NexGen unveils monster resource at Arrow

A drill rig at NexGen Energy’s Arrow uranium project in northern Saskatchewan.  Credit: NexGen EnergyA drill rig at NexGen Energy’s Arrow uranium project in northern Saskatchewan.  Credit: NexGen Energy

NexGen Energy‘s (TSXV: NXE; US-OTC: NXGEF) shares have surged on the back of a stellar maiden resource estimate on the junior’s Arrow uranium deposit at its Rook 1 property in Saskatchewan’s Athabasca basin.

Based on holes drilled and assayed to the end of October 2015, Arrow boasts an inferred resource of 201.9 million lb. uranium oxide (U3O8) from 3.5 million tonnes of 2.6% U3O8. About 60% of the resource occurs in the deposit’s high-grade A2 subzone. The subzone contains 120.5 million lb. U3O8 in 410,000 tonnes grading 13.3% U3O8.

The estimate — calculated at a 0.3% U3O8 cut-off grade — incorporates nearly 60,000 metres, where 80 out of 82 holes drilled hit uranium mineralization in the deposit’s four main parallel structures, namely the A1, A2, A3 and A4 shears.

NexGen’s management describes the deposit’s resource as “top-tier” and “world-class,” with low discovery costs of 13¢ per lb. in its initial March 3 release and conference call.

“It simply elevates Arrow immediately into a tier-1 status and ranks Arrow as the single largest undeveloped uranium deposit in the Athabasca basin,” Leigh Curyer, the junior’s CEO, said on the call.

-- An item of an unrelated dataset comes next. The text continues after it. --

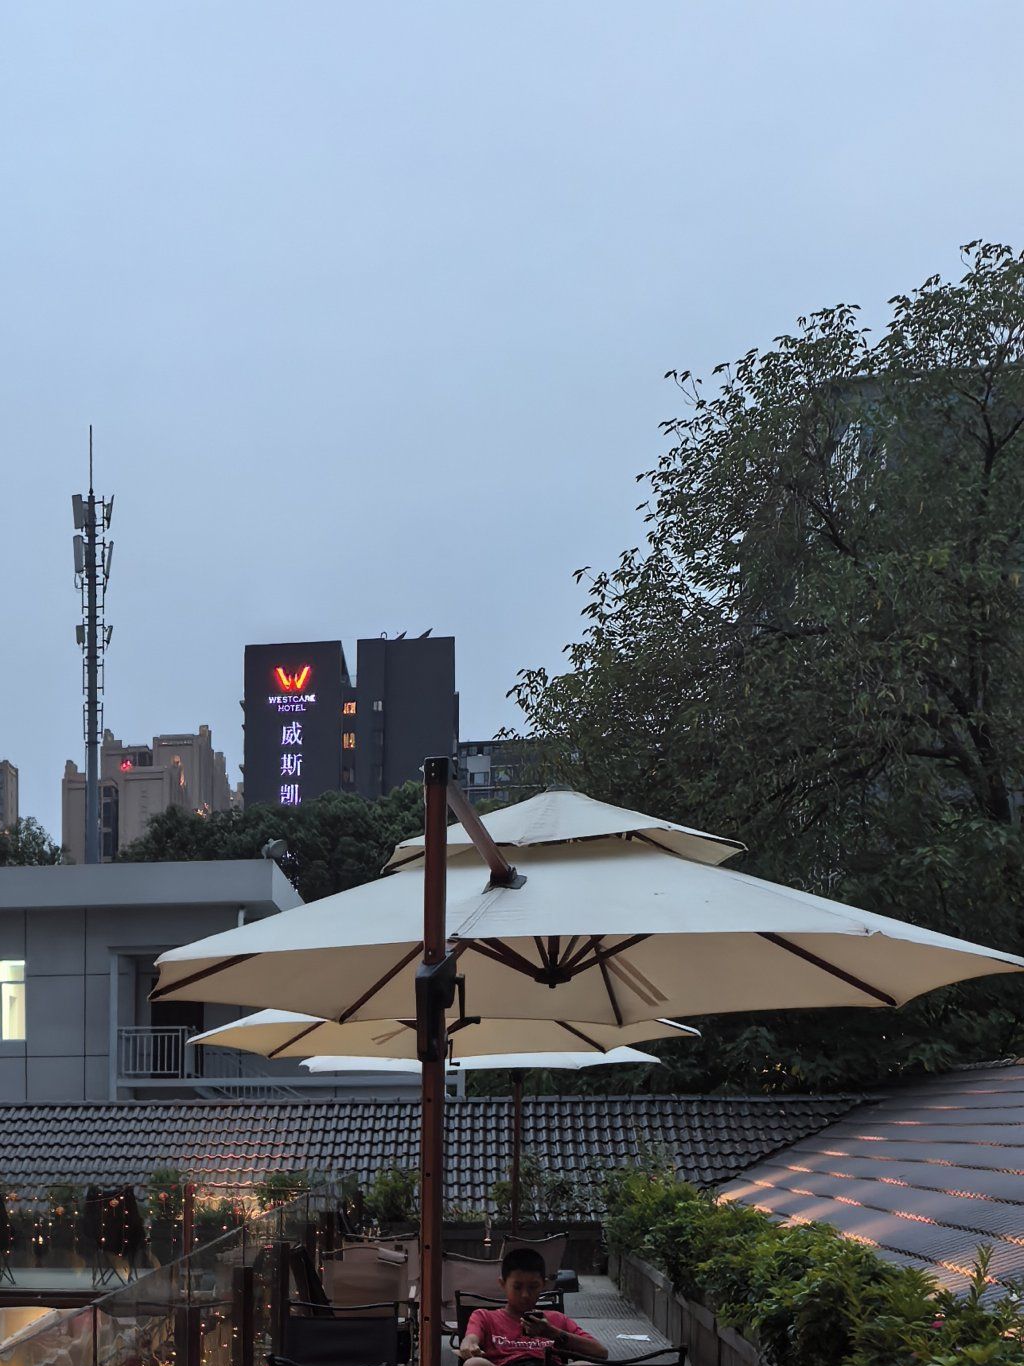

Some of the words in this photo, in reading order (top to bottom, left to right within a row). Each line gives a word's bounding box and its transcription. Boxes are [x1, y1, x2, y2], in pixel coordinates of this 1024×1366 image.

NexGen, however, replaced its initial release at the request of IIROC, removing the cost estimate and “top-tier” references, after the regulator briefly halted trading in the junior’s shares. This was likely because inferred resources have the lowest certainty that they could be economically extracted.

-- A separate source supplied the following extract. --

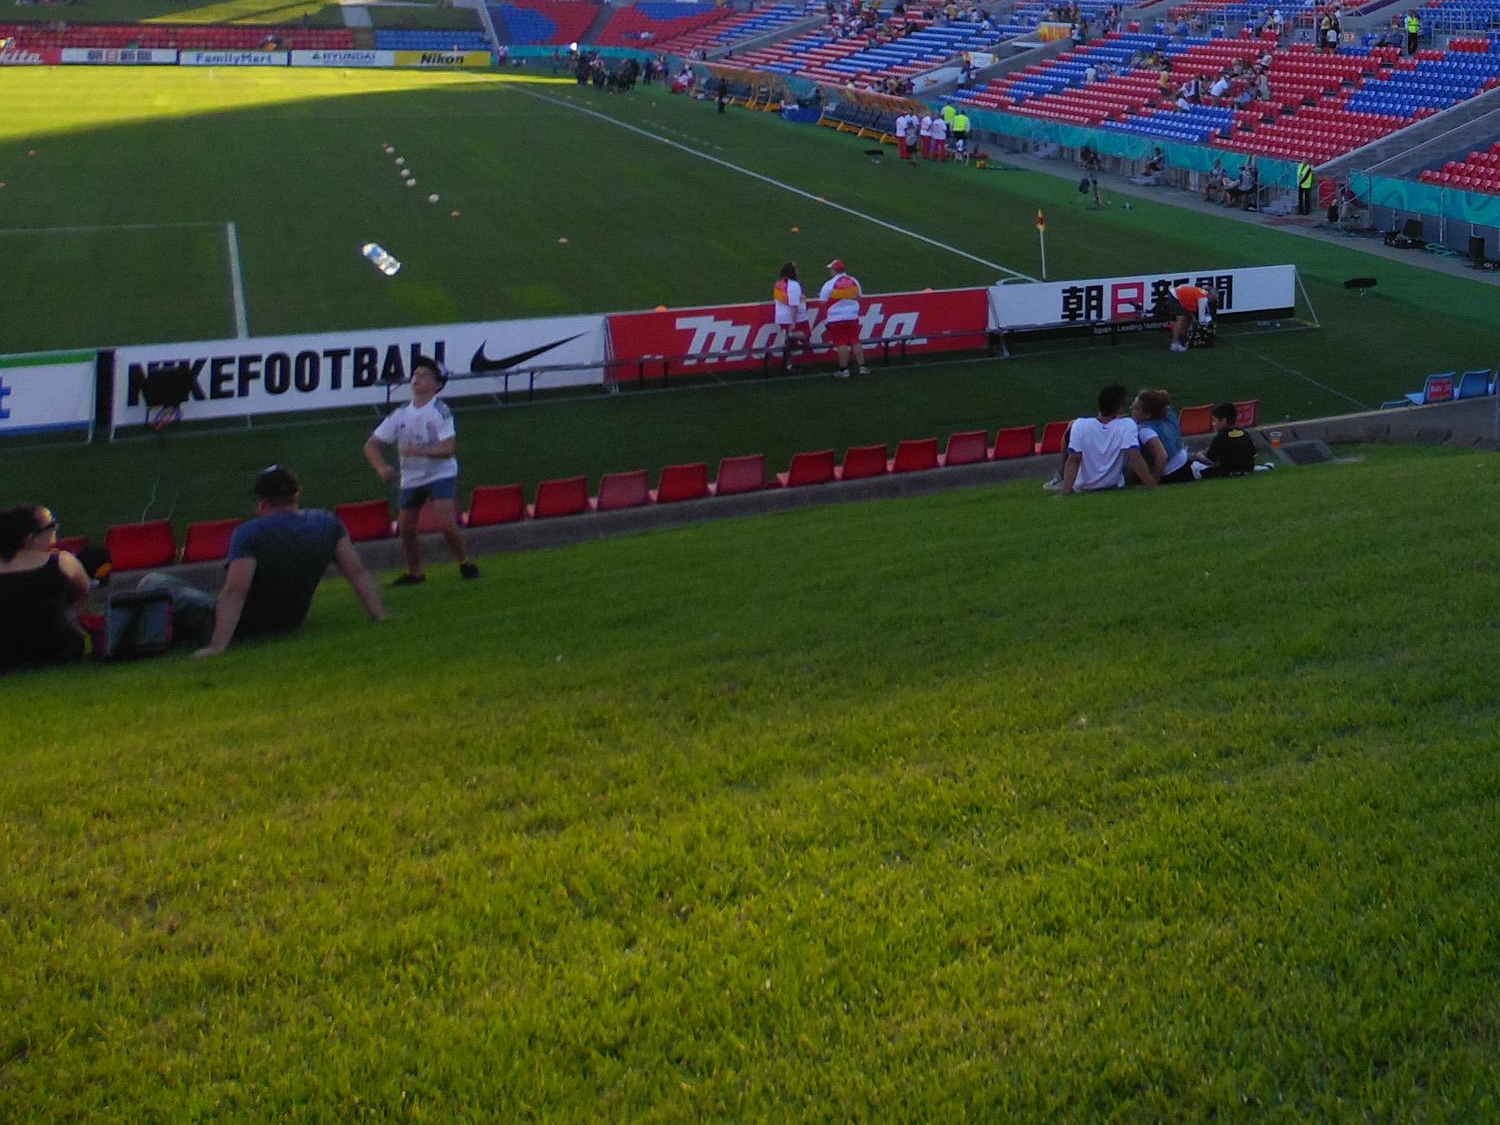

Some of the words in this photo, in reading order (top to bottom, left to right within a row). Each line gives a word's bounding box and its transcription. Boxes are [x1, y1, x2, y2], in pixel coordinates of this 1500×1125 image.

[196, 52, 273, 65] FamilyMart
[420, 52, 464, 64] Nikon
[127, 340, 448, 407] NKEFOOTBAL
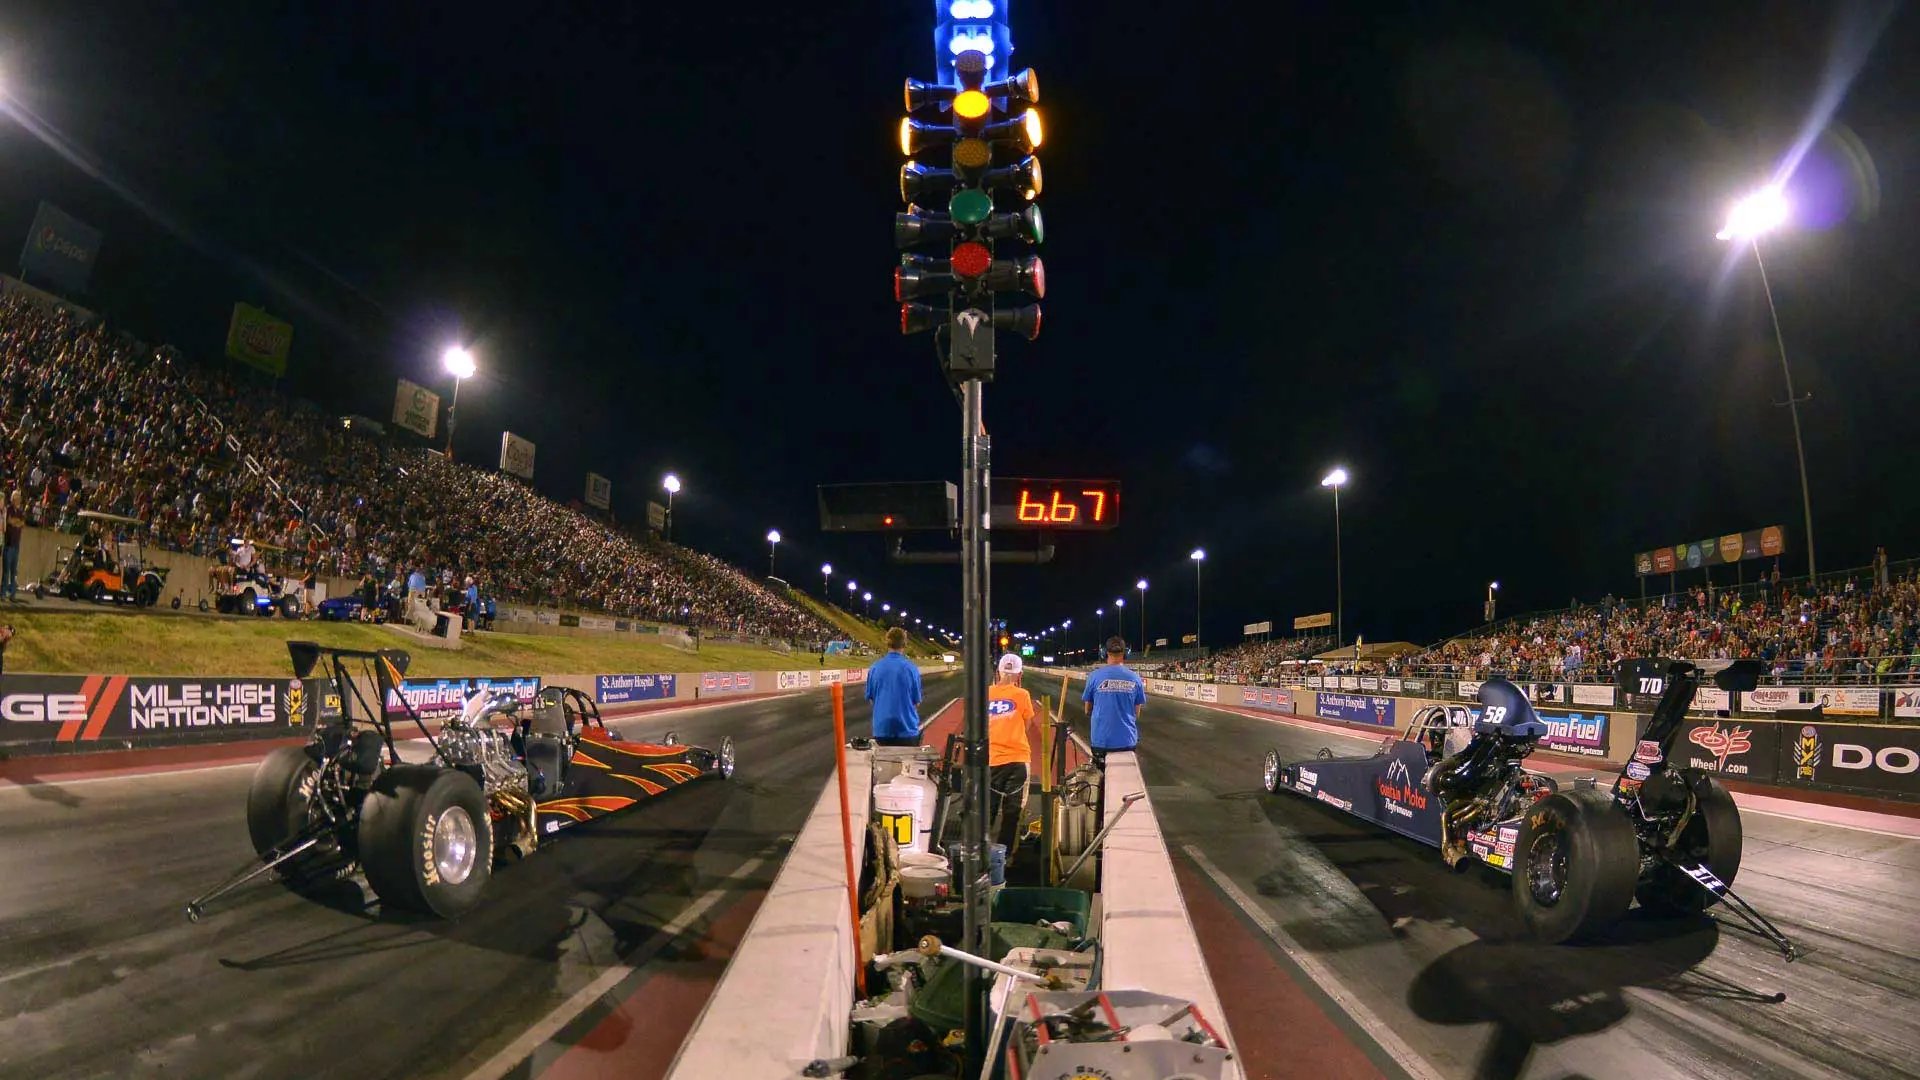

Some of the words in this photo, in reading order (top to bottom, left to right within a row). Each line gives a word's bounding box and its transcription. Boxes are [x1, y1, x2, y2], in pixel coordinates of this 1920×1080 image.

Analysts, unfazed by the amendment, applauded the resource’s size and high grade. “Maiden resources are not supposed to be this big right off the bat,” Cantor Fitzgerald analyst Rob Chang writes in a note to clients. “At 201.9 million lb. U3O8, Arrow already ranks as the third-largest deposit in the Athabasca basin.”

What impresses Chang as well as Raymond James analyst David Sadowski is Arrow’s high-grade quality and consistency at different cut-off grades. For instance, at an abnormally high 10% cut-off grade, the deposit contains 101.3 million lb. U3O8 grading 20.8% — half of the initial resource.

“This amount of material with this richness of uranium concentration has only ever been found at two other places on the planet: McArthur River and Cigar Lake,” Sadowski notes. (Cameco owns both of these assets in the Athabasca basin.)

Both analysts say they are unconcerned about the initial level of confidence in Arrow’s resource. “While an inferred resource is by definition the lowest confidence level, we are not worried about Arrow, since drill results show consistent grades, thickness, alteration and the fact that host rock [pelitic gneiss] stratigraphy is generally consistent along Arrow’s strike length,” Chang says.

The deposit measures 645 metres long and 235 metres wide, with mineralization starting at 100 metres below surface and extending down to 920 metres. It remains open in all directions.

NexGen is infill drilling the Arrow deposit and testing for extensions, as well as for mineralized zones along strike, as part of its 2016 winter drill program.

The program started in early January and has delivered to date some of the best holes, such as 63c and 64c2, based on radiometric results. Curyer points out those holes could “materially change” the resource once included in the estimate.

The winter program should wrap up by the end of April, with a resource update in the second half of 2016, Curyer says.

On the initial estimate, Arrow rose 28% to $1.24 per share. It has $31 million in its bank, which is enough to continue working into 2017.